Samedi soir à 21h, le coup d’envoi est donné au stade Jalisco cher à Luis Fernandez. Trois minutes de jeu et Egidio Arévalo envoie une frappe des vingt mètres en pleine lucarne. Après un avant-match avec le conflit d’intérêt comme prisme principal, cette ouverture du score prend la forme d’un uppercut envers tous les sceptiques, mal-pensants et autres incrédules. Les Monarcas Morelia seraient donc prêts à enfoncer leurs frangins de l’Atlas. Le stade Jalisco ne s’affole pourtant pas. Les 20 000 personnes qui s’éparpillent au sein de l’immense enceinte prendraient-elles ce but comme une ficelle un peu trop grosse ? Cynisme ou simple passivité, les rares cris d’enthousiasme entendus en première période ne seront pas provoqués par le triste spectacle, mais par l’annonce d’une promo sur la bière vendue à moitié prix.
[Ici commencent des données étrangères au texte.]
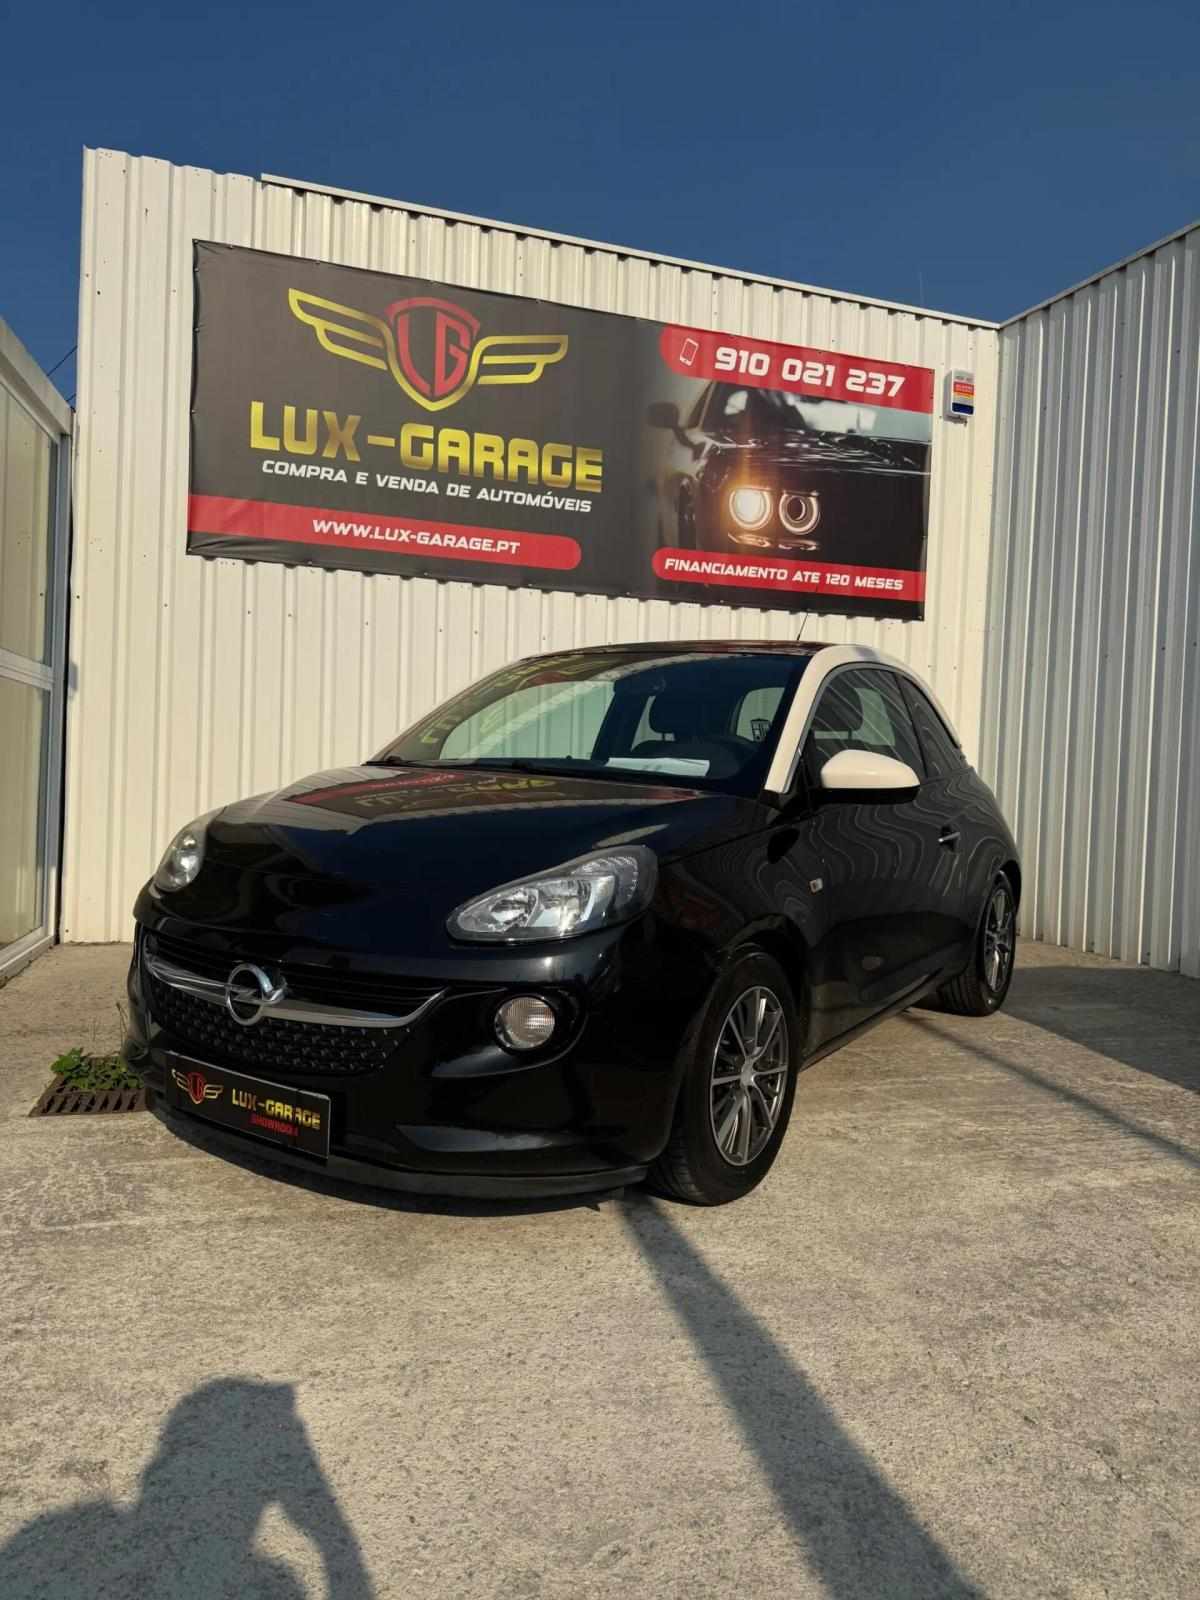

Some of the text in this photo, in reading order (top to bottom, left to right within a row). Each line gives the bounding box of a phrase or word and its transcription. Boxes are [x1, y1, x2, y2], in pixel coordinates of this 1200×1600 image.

[714, 346, 905, 397] 910 021 237
[250, 401, 602, 493] LUX-GARAGE
[262, 459, 592, 512] COMPRA E VENDA DE AUTOMÓVEIS
[312, 519, 521, 554] WWW.LUX-GARAGE.PT
[664, 558, 904, 591] FINANCIAMENTO ATE 120 MESES
[232, 1088, 320, 1130] LUX-GARAGE
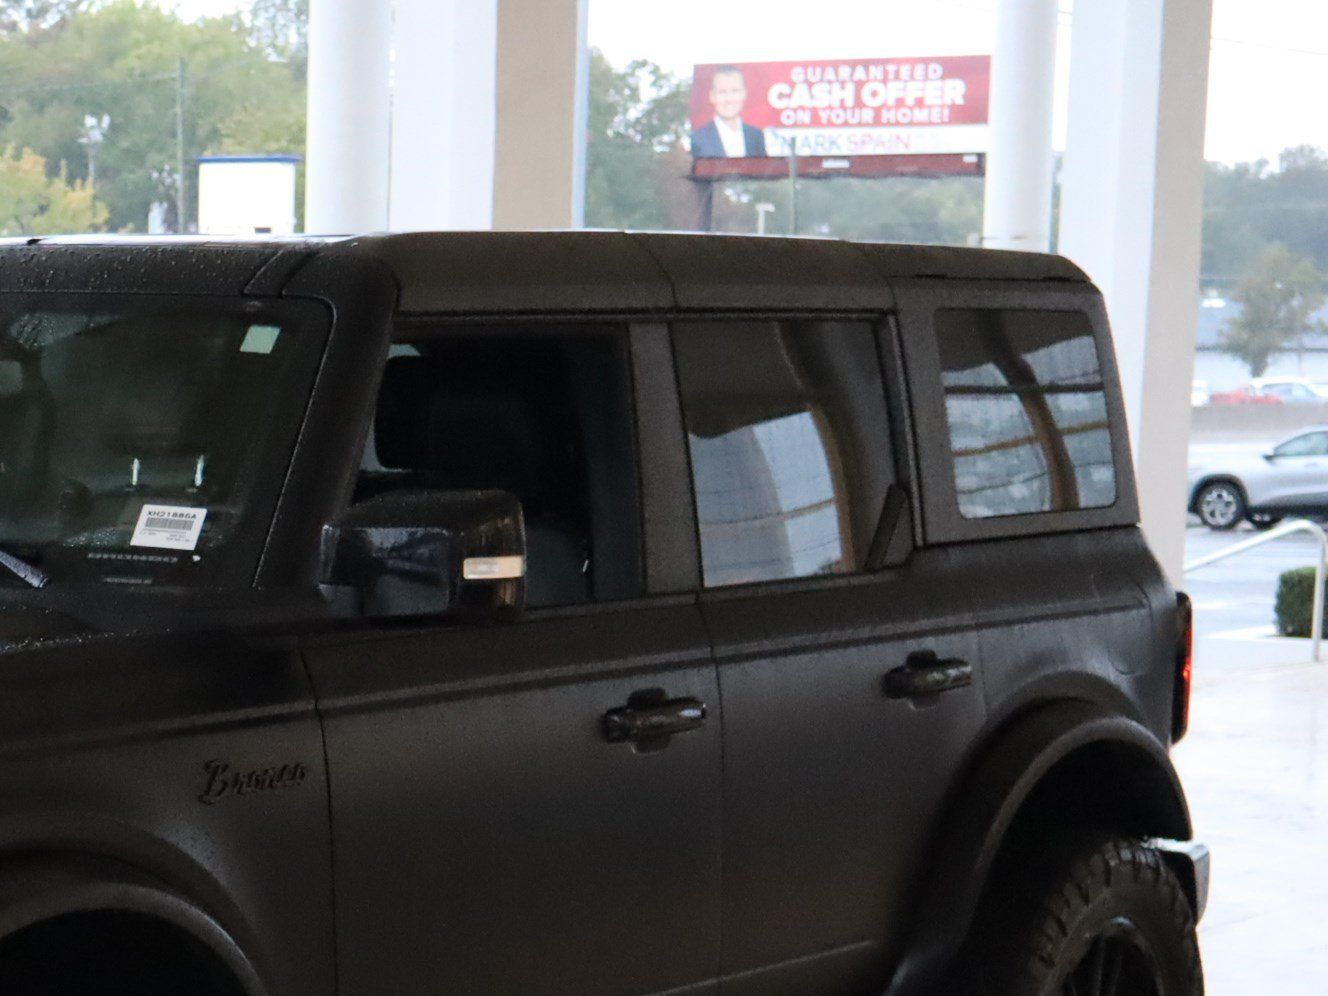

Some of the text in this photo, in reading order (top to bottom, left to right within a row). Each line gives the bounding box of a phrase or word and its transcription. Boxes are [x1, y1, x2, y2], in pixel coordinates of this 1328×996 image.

Il fallait bien une bonne raison de se rendre au Jalisco pour assister à un match dont le sort risquait de se révéler aussi arrangé qu’un combat de lucha libre.
En deuxième période, l’Atlas réagit de manière plus véhémente. Les Rojinegros égalisent à la 53e minute et le ton monte au sein du Jalisco : les insultes commencent à fuser envers l’arbitre et les joueurs des Monarcas. L’Atlas dispose même d’une occasion immanquable de passer devant lors des dix dernières minutes, mais Jahir Barraza saborde son plat du pied à bout portant. L’intérêt de TV Azteca étant de sauver l’Atlas, difficile d’instruire un procès en escroquerie au jeune Rojinegro. Plus généralement, difficile de détecter des attitudes suspectes depuis les tribunes. Les Monarcas, à la traîne sur leur objectif (le top 8) semblent, eux aussi, vouloir l’emporter, quitte à compliquer la vie de l’Atlas. Depuis sa loge, Gustavo Guzmán peut au moins se réjouir de ne pas voir ses équipes impliquées dans un scandale de match truqué. Guzmán est le nouveau président de l’Atlas, que TV Azteca a acheté en décembre dernier. Il est aussi le directeur de la section sport du groupe Salinas, dont TV Azteca est le fleuron. Cette section chapeaute les opérations sport du groupe. Guzmán a ainsi son mot à dire sur la gestion des Monarcas…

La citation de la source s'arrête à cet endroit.